● **DATA TO EXAMINE**:
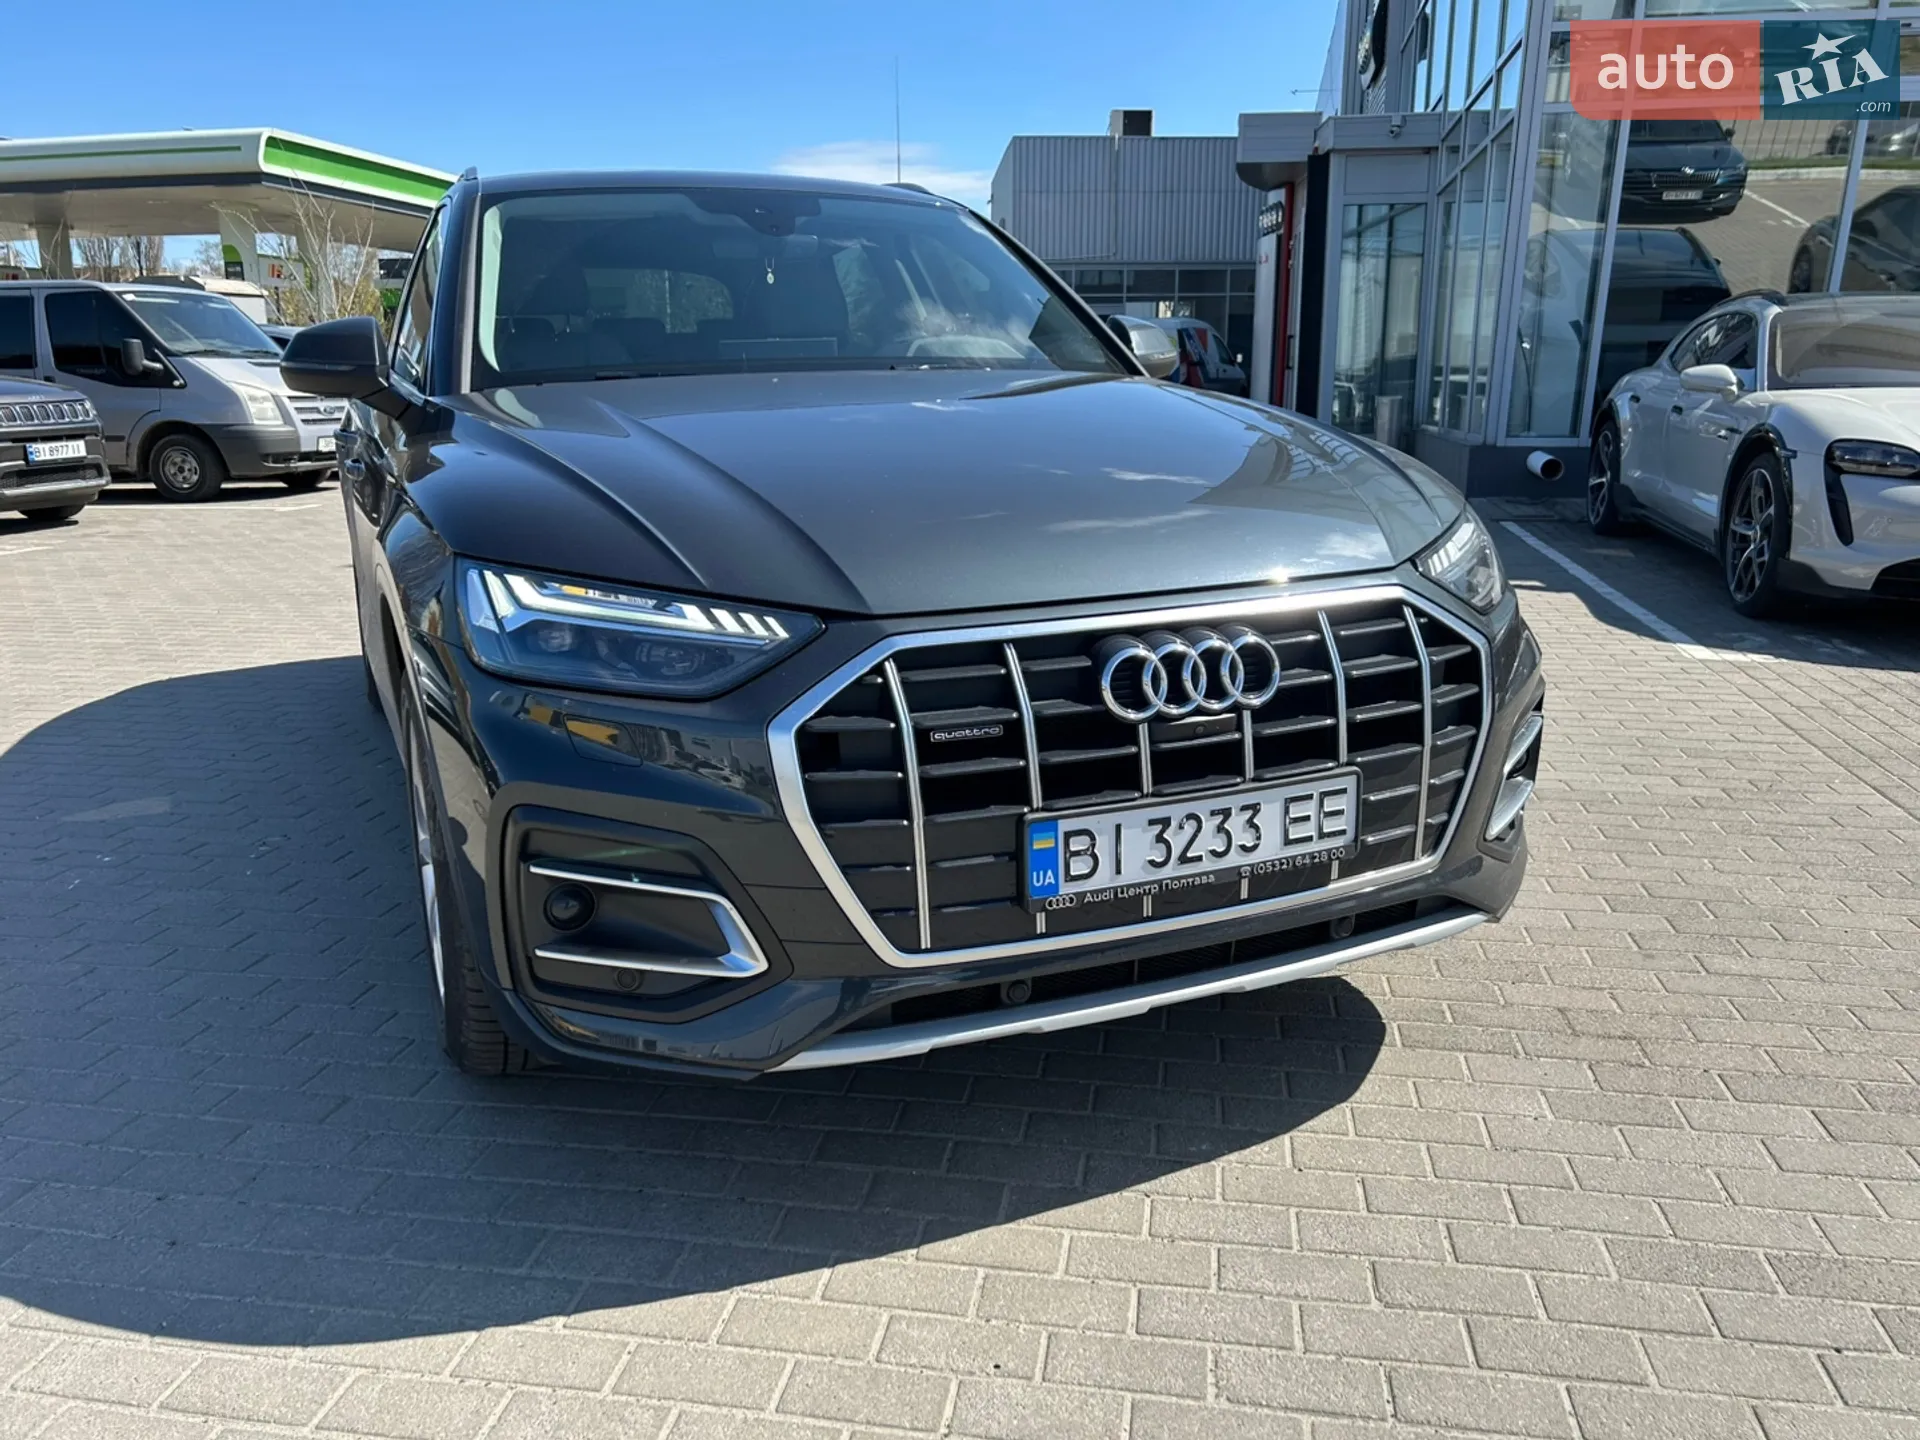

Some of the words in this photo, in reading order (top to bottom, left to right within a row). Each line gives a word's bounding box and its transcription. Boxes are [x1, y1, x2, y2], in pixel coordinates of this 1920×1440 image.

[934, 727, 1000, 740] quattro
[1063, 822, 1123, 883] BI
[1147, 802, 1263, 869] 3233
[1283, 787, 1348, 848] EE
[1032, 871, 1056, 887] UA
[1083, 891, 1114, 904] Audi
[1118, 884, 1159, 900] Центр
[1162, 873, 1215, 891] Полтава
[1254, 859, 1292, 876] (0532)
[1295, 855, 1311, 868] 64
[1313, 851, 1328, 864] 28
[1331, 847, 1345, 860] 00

● **EXERCISE OBJECTIVE**: The listing above needs to be output again exactly. Don't include the pictures.

● **SOLUTION**:
Some of the words in this photo, in reading order (top to bottom, left to right within a row). Each line gives a word's bounding box and its transcription. Boxes are [x1, y1, x2, y2], in pixel coordinates of this 1920×1440 image.

[934, 727, 1000, 740] quattro
[1063, 822, 1123, 883] BI
[1147, 802, 1263, 869] 3233
[1283, 787, 1348, 848] EE
[1032, 871, 1056, 887] UA
[1083, 891, 1114, 904] Audi
[1118, 884, 1159, 900] Центр
[1162, 873, 1215, 891] Полтава
[1254, 859, 1292, 876] (0532)
[1295, 855, 1311, 868] 64
[1313, 851, 1328, 864] 28
[1331, 847, 1345, 860] 00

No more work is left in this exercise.